[Source records]
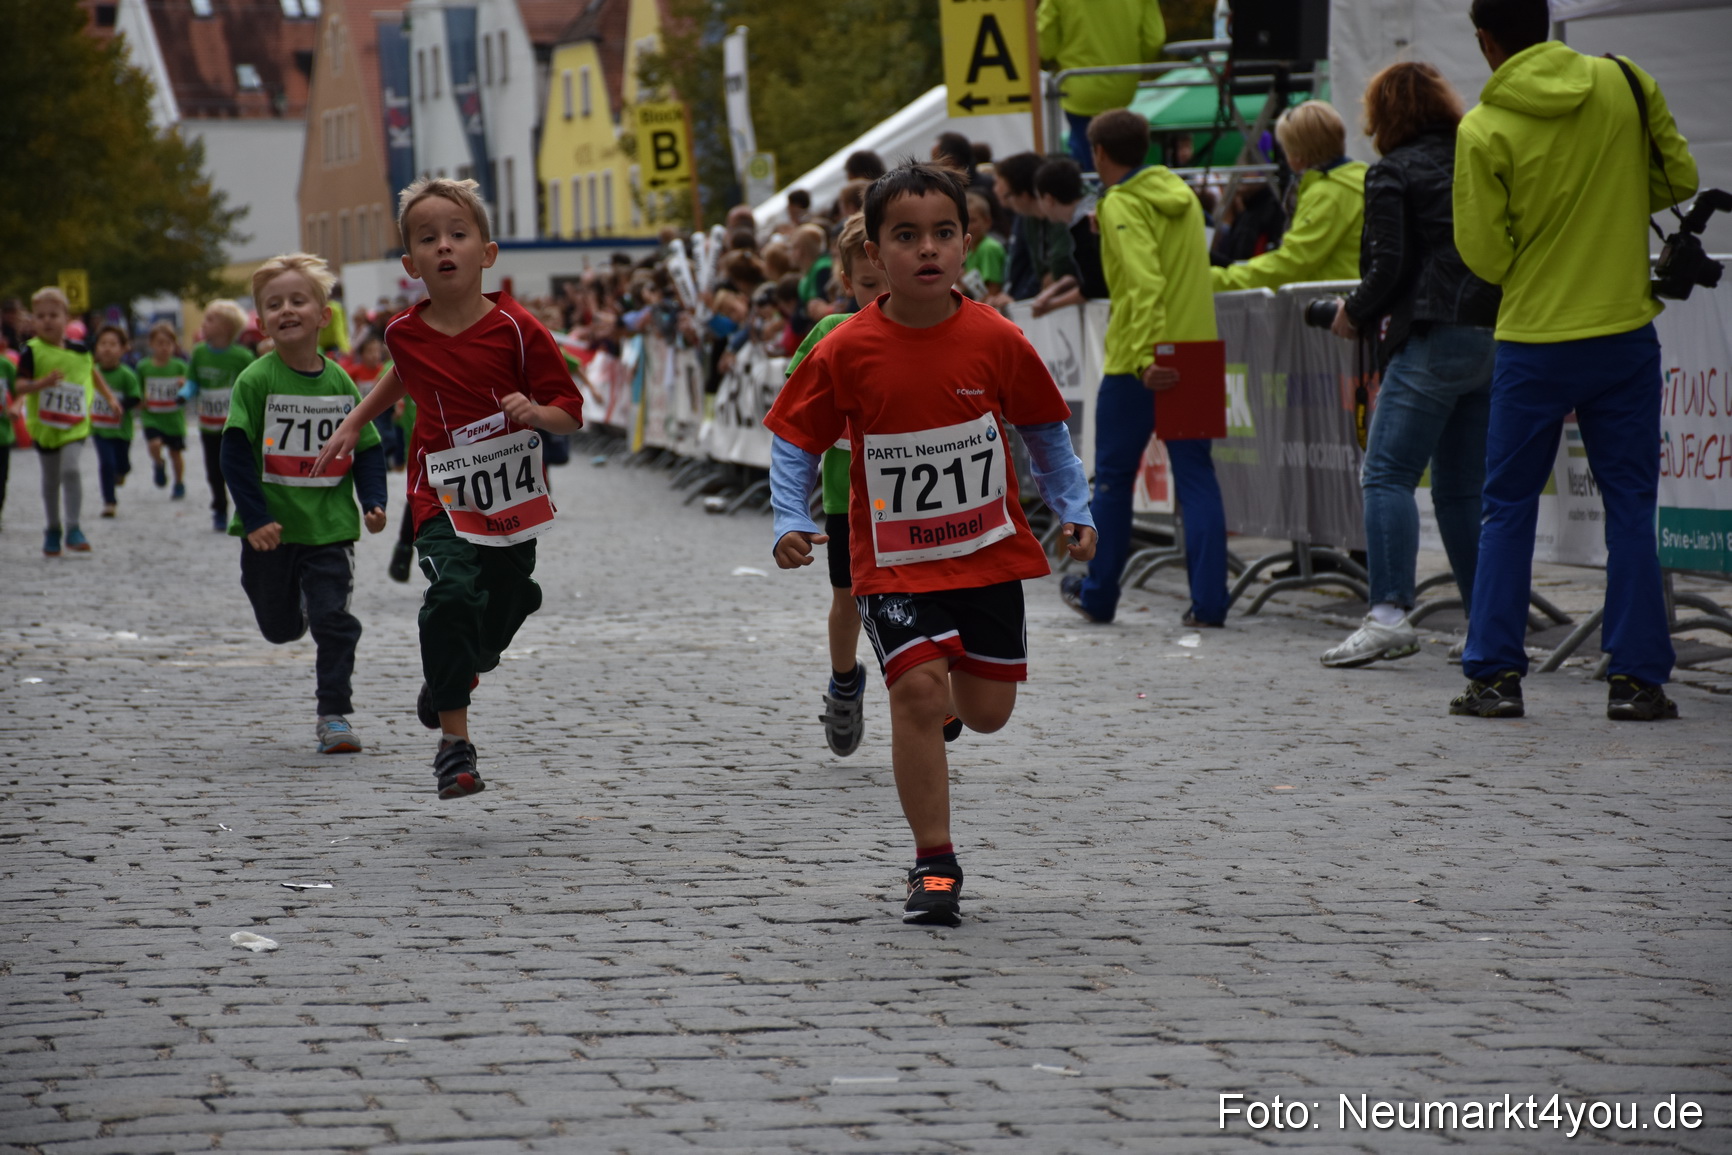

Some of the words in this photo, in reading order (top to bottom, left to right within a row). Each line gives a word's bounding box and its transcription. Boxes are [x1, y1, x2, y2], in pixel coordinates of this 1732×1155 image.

[966, 13, 1019, 84] A
[651, 130, 681, 171] B
[45, 391, 81, 412] 7155
[268, 403, 301, 414] PARTL
[303, 405, 343, 415] Neumarkt
[276, 417, 346, 452] 719
[467, 422, 491, 438] DEHN
[430, 457, 470, 474] PARTL
[472, 443, 524, 465] Neumarkt
[867, 446, 912, 460] PARTL
[915, 433, 982, 457] Neumarkt
[443, 455, 535, 511] 7014
[880, 448, 994, 513] 7217
[485, 515, 521, 533] Elias
[909, 513, 983, 545] Raphael

Description of the task:
Give the records back exactly, with no pictures.

Answer to the problem:
Some of the words in this photo, in reading order (top to bottom, left to right within a row). Each line gives a word's bounding box and its transcription. Boxes are [x1, y1, x2, y2], in pixel coordinates of this 1732×1155 image.

[966, 13, 1019, 84] A
[651, 130, 681, 171] B
[45, 391, 81, 412] 7155
[268, 403, 301, 414] PARTL
[303, 405, 343, 415] Neumarkt
[276, 417, 346, 452] 719
[467, 422, 491, 438] DEHN
[430, 457, 470, 474] PARTL
[472, 443, 524, 465] Neumarkt
[867, 446, 912, 460] PARTL
[915, 433, 982, 457] Neumarkt
[443, 455, 535, 511] 7014
[880, 448, 994, 513] 7217
[485, 515, 521, 533] Elias
[909, 513, 983, 545] Raphael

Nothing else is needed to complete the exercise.